▶ [Work item]:
Only the lines from the one with "this 1280×1440 image." to the end of the records are wanted, each repeated exactly, both ends included.

▶ [Information provided]:
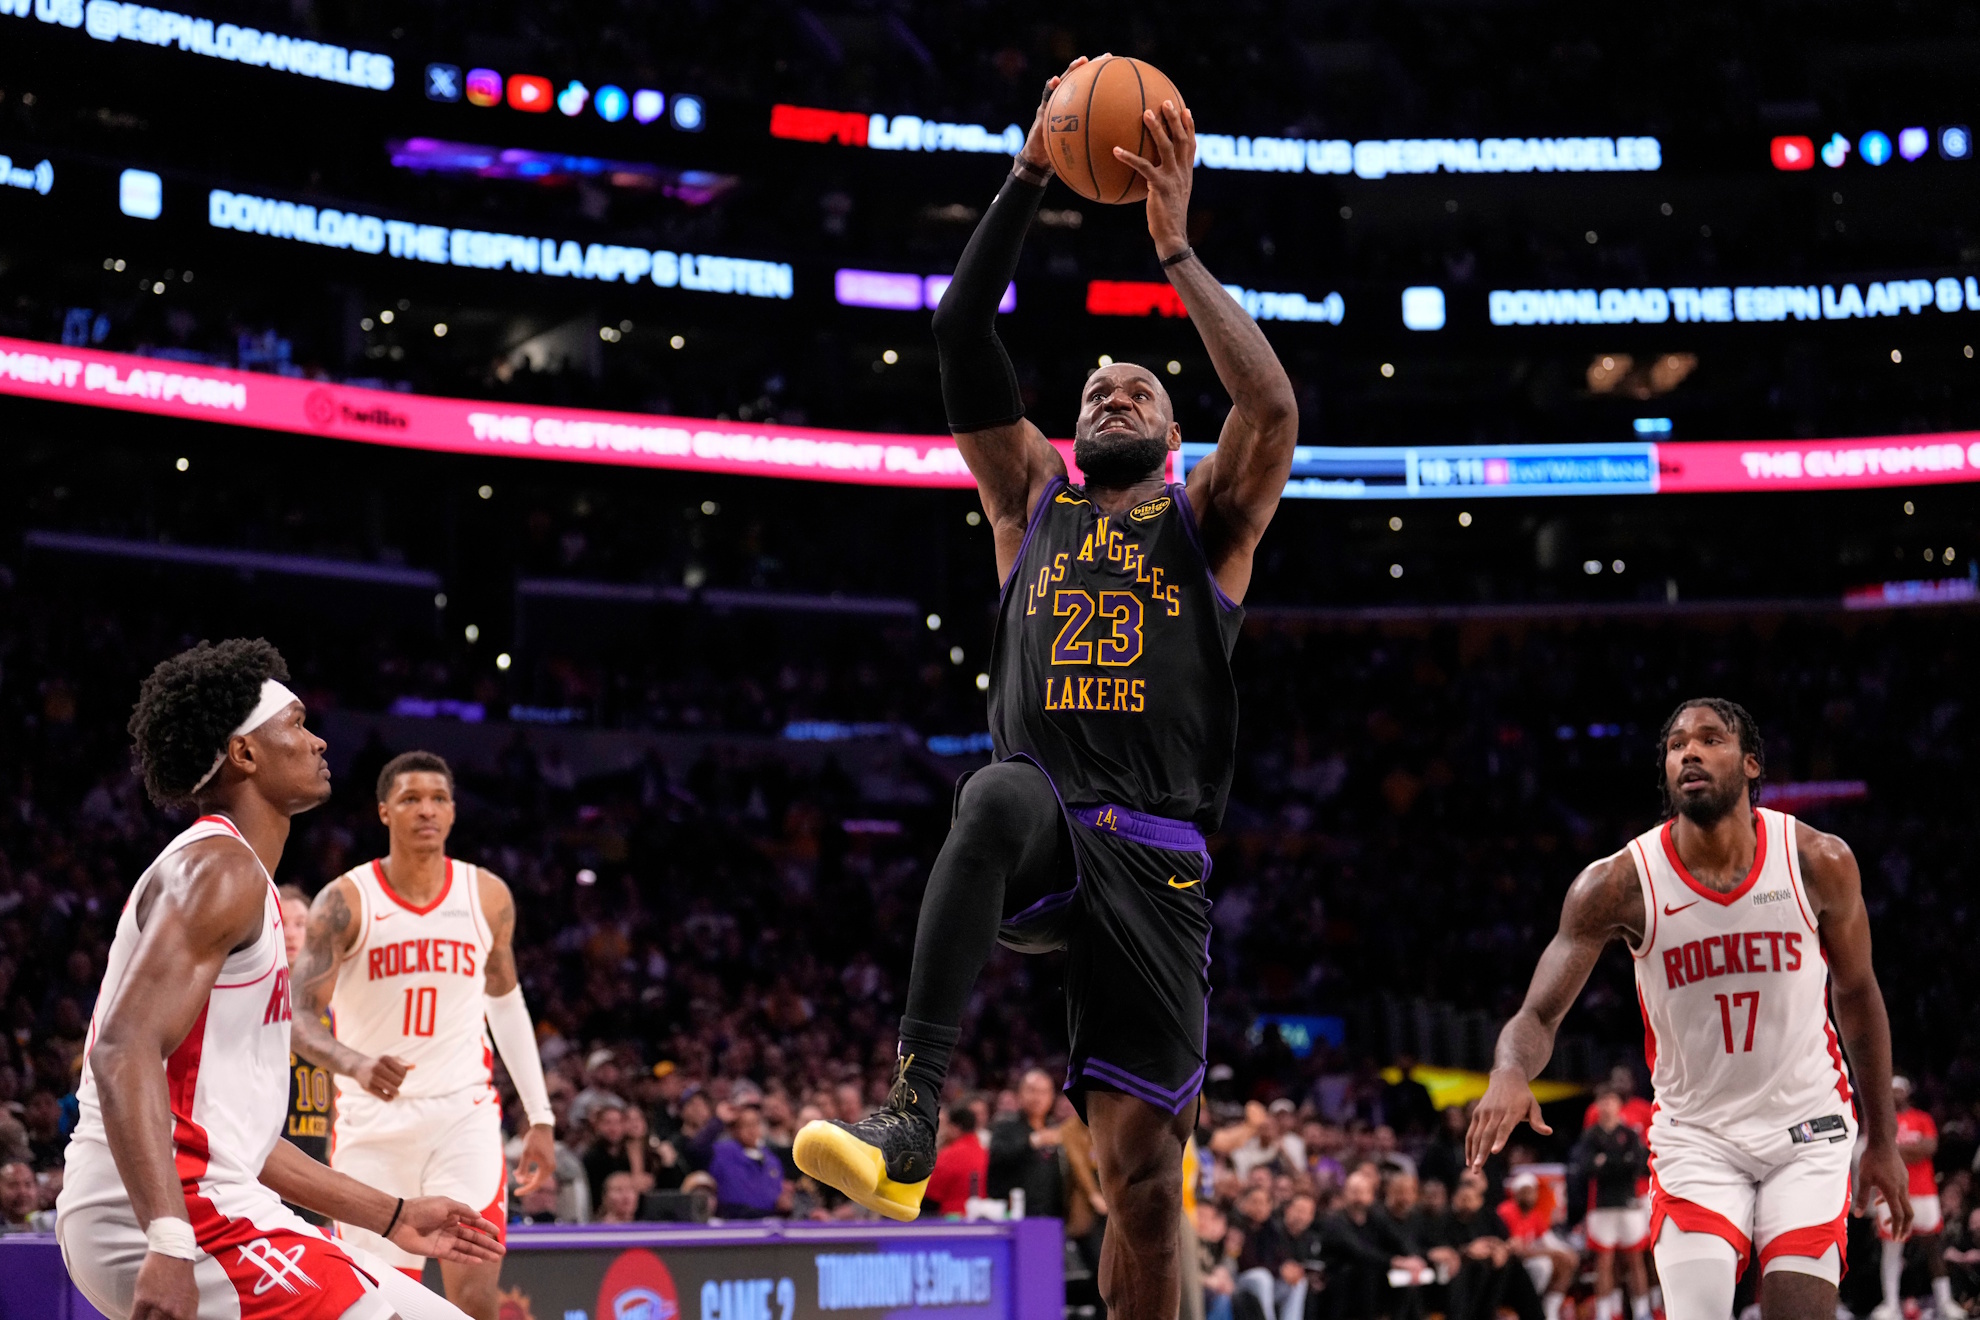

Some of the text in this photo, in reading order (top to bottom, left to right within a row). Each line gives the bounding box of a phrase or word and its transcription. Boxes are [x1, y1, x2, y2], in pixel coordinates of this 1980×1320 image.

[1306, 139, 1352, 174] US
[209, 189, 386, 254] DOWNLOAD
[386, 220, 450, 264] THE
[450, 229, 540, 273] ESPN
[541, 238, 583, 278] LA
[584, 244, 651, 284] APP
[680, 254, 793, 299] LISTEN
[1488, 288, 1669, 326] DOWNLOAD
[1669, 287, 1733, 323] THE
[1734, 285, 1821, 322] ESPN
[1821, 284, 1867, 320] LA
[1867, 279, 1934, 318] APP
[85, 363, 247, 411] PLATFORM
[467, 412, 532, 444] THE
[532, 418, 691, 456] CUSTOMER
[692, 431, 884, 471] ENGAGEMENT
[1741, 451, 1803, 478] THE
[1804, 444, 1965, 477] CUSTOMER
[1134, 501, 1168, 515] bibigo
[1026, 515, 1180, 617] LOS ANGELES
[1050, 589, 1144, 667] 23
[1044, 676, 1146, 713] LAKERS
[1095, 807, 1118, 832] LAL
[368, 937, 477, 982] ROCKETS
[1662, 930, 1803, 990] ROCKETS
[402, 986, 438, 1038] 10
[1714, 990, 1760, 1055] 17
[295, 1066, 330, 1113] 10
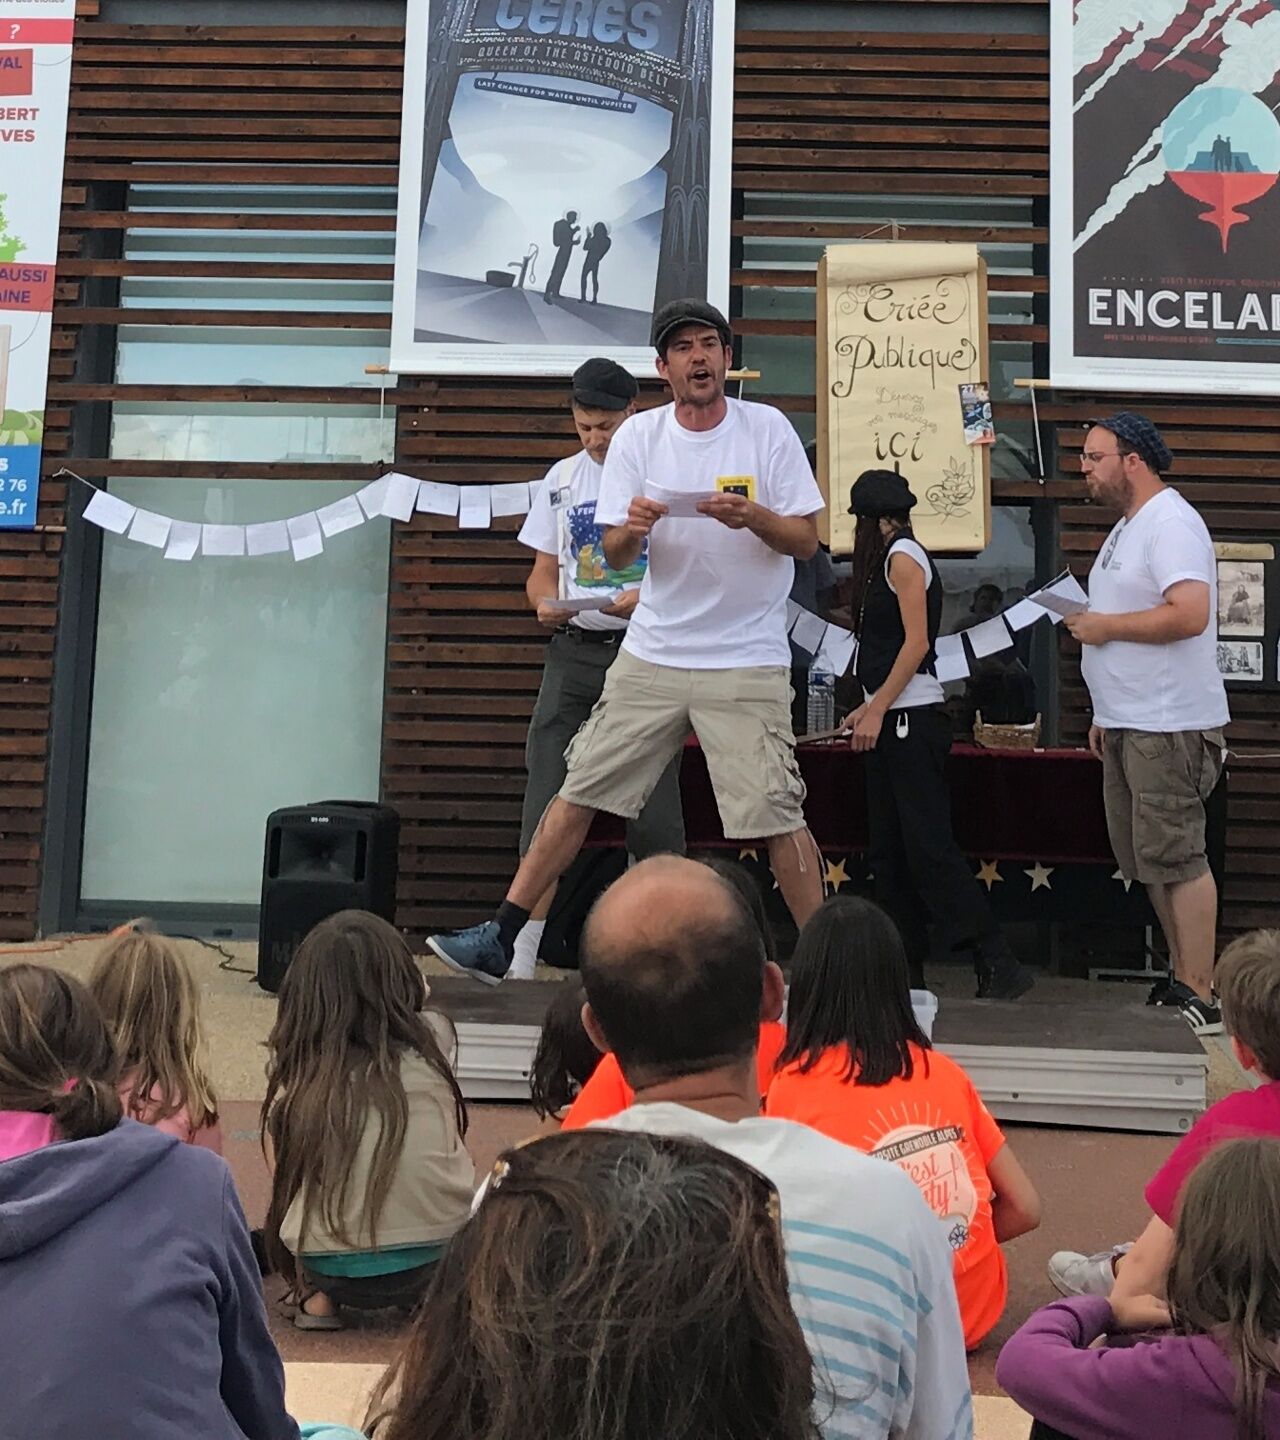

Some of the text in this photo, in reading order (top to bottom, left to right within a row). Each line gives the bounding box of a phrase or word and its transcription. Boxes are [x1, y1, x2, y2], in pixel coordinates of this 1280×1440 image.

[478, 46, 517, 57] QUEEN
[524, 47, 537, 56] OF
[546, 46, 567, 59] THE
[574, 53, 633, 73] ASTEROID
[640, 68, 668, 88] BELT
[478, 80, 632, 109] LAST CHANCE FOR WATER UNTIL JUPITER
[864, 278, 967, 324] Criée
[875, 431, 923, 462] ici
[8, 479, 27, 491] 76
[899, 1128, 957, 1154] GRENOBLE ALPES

▶ [Answer to this task]:
Some of the text in this photo, in reading order (top to bottom, left to right within a row). Each line gives the bounding box of a phrase or word and its transcription. Boxes are [x1, y1, x2, y2], in pixel coordinates of this 1280×1440 image.

[478, 46, 517, 57] QUEEN
[524, 47, 537, 56] OF
[546, 46, 567, 59] THE
[574, 53, 633, 73] ASTEROID
[640, 68, 668, 88] BELT
[478, 80, 632, 109] LAST CHANCE FOR WATER UNTIL JUPITER
[864, 278, 967, 324] Criée
[875, 431, 923, 462] ici
[8, 479, 27, 491] 76
[899, 1128, 957, 1154] GRENOBLE ALPES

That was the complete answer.